Abstract
Ceftobiprole, a novel last generation parenteral cephalosporin, has an extended spectrum of activity, notably against methicillin-resistant Staphylococcus aureus (MRSA), ampicillin-susceptible enterococci, penicillinresistant pneumococci, Enterobacterales and susceptible Pseudomonas aeruginosa. It exerts an inhibitory action on essential peptidoglycan transpeptidases, interfering with cell wall synthesis. The inhibitory action of ceftobiprole through binding to abnormal PBPs like PBP2a in methicillin-resistant staphylococci and PBP2b and PBP2x in the case of β-lactamresistant pneumococci, ultimately leads to rapid bacterial cell death. In the case of Enterobacterales, ceftobiprole retains activity against narrow spectrum β-lactamases but is hydrolysed by their extended-spectrum counterparts, overexpressed Amp C, and carbapenemases. It is also affected by certain efflux pumps from P. aeruginosa. For anaerobic bacteria, ceftobiprole is active against Gram-positive Clostridioides difficile and Peptococcus spp. and Gramnegative Fusobacterium nucleatum but not against Bacteroides group or other anaerobic Gram-negatives. In in vitro studies, a low propensity to select for resistant subpopulations has been demonstrated. Currently, ceftobiprole is approved for the treatment of community-acquired pneumonia and hospitalacquired pneumonia with the exception of ventilatorassociated pneumonia. Ceftobiprole’s place in therapy appears to lie mainly in its combined activity against Gram-positive organisms, such as S. aureus and S. pneumoniae alongside that against Gram-negative organisms such as P. aeruginosa.

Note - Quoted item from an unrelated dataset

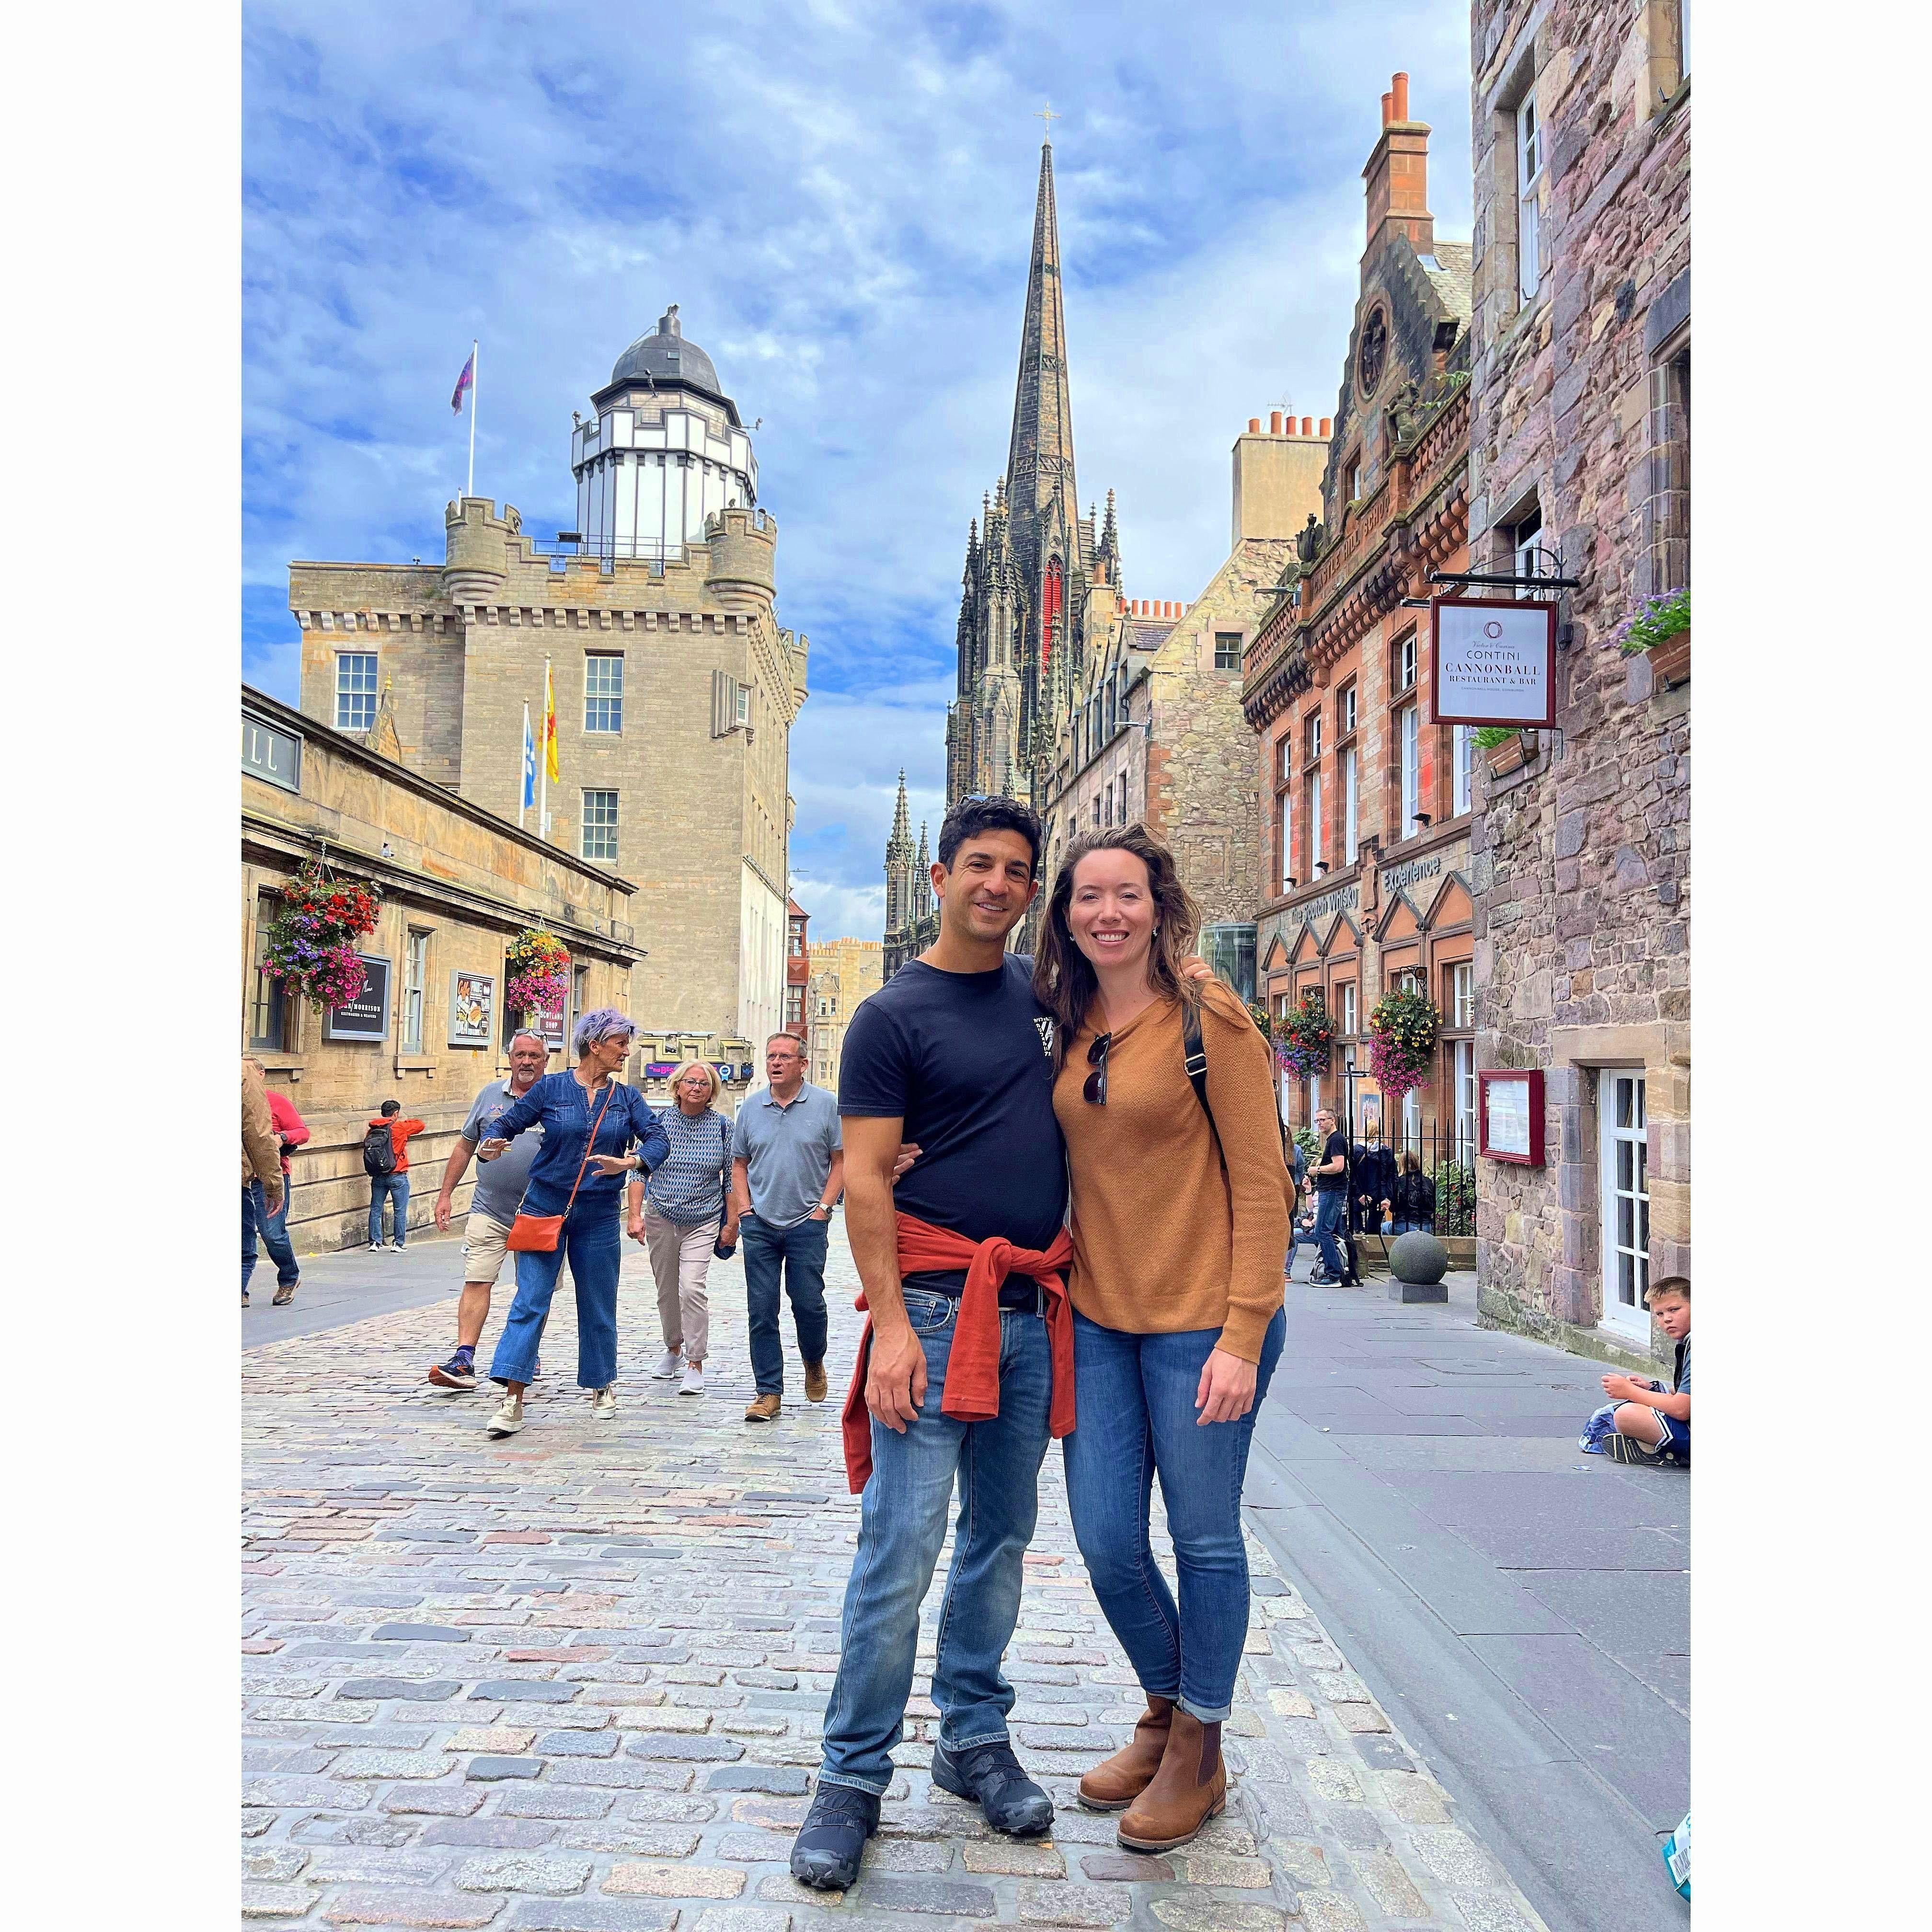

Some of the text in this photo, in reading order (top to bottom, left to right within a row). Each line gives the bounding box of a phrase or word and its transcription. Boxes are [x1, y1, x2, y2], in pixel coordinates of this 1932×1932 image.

Keywords: Ceftobiprole, methicillin-resistant Staphylococcus aureus, penicillin-resistant Streptococcus pneumoniae, Pseudomonas aeruginosa
INTRODUCTION
Staphylococcus aureus is responsible for serious skin, soft tissue and bone infections as well as pneumonia, and is one of the leading causes of bloodstream infections in Europe, particularly within intensive care units [1]. However, the emergence of methicillin-resistant S. aureus (MRSA) in the 1960’s as a result of the widespread use of penicillin stifled the use of subsequent promising molecules e.g isoxazolyl-penicillins [2].
Methicillin resistance in S. aureus and other staphylococci is due to the acquisition and expression of the mecA or less frequently, the mecC gene. These genes code for a PBP2a variant of the penicillin binding protein (PBP) PBP2 which exhibits low affinity for nearly all β-lactams thus preventing the inhibition of cell wall synthesis by these antimicrobials [3]. According to the 2017 report of the European Antimicrobial Resistance Surveillance Network (EARS-net, www.ecdc.europa.eu) the EU/ EEA population-weighted mean MRSA percentage (in invasive isolates from blood stream and cerebrospinal fluid) was 16.9% (ranging from 1.0% to 44.4%, 25.8% in Spain). According to ECDC, this figure reaches 23.1% in ICUs in Europe [1].
The limited number of approved antimicrobials with activity against MRSA led to a strong demand for new agents to overcome this resistance. The fifth generation cephalosporins, ceftaroline and ceftobiprole, were the first β-lactams specifically designed to have activity against MRSA [4]. Ceftaroline was approved by European Medicines Agency in 2010, followed by ceftobiprole in 2013 in major European countries.
Ceftobiprole is a bactericidal cephalosporin with an extended-spectrum of activity against both Gram-positive cocci and Gram-negative bacilli. Ceftobiprole demonstrates potent binding to PBPs from Gram-positive bacteria, including those with decreased β-lactam sensitivity, such as PBP2a in MRSA and PBP2x in penicillin-resistant Streptococcus pneumoniae (PRSP), the latter, in contrast to ceftriaxone. In Escherichia coli, ceftobiprole also exhibits strong binding to the essential PBP2 and PBP3.
Unlike ceftaroline, ceftobiprole also exhibits a binding profile similar to that of cefepime and ceftazidime to PBPs in P. aeruginosa but with enhanced binding to PBP2. These properties explain the extended-spectrum activity of ceftobiprole and its indication in nosocomial pneumonia in which P. aeruginosa is a common pathogen [4-6]. In addition, in single-step and serial passage in vitro resistance development studies, ceftobiprole demonstrates a low propensity to select for resistance [6].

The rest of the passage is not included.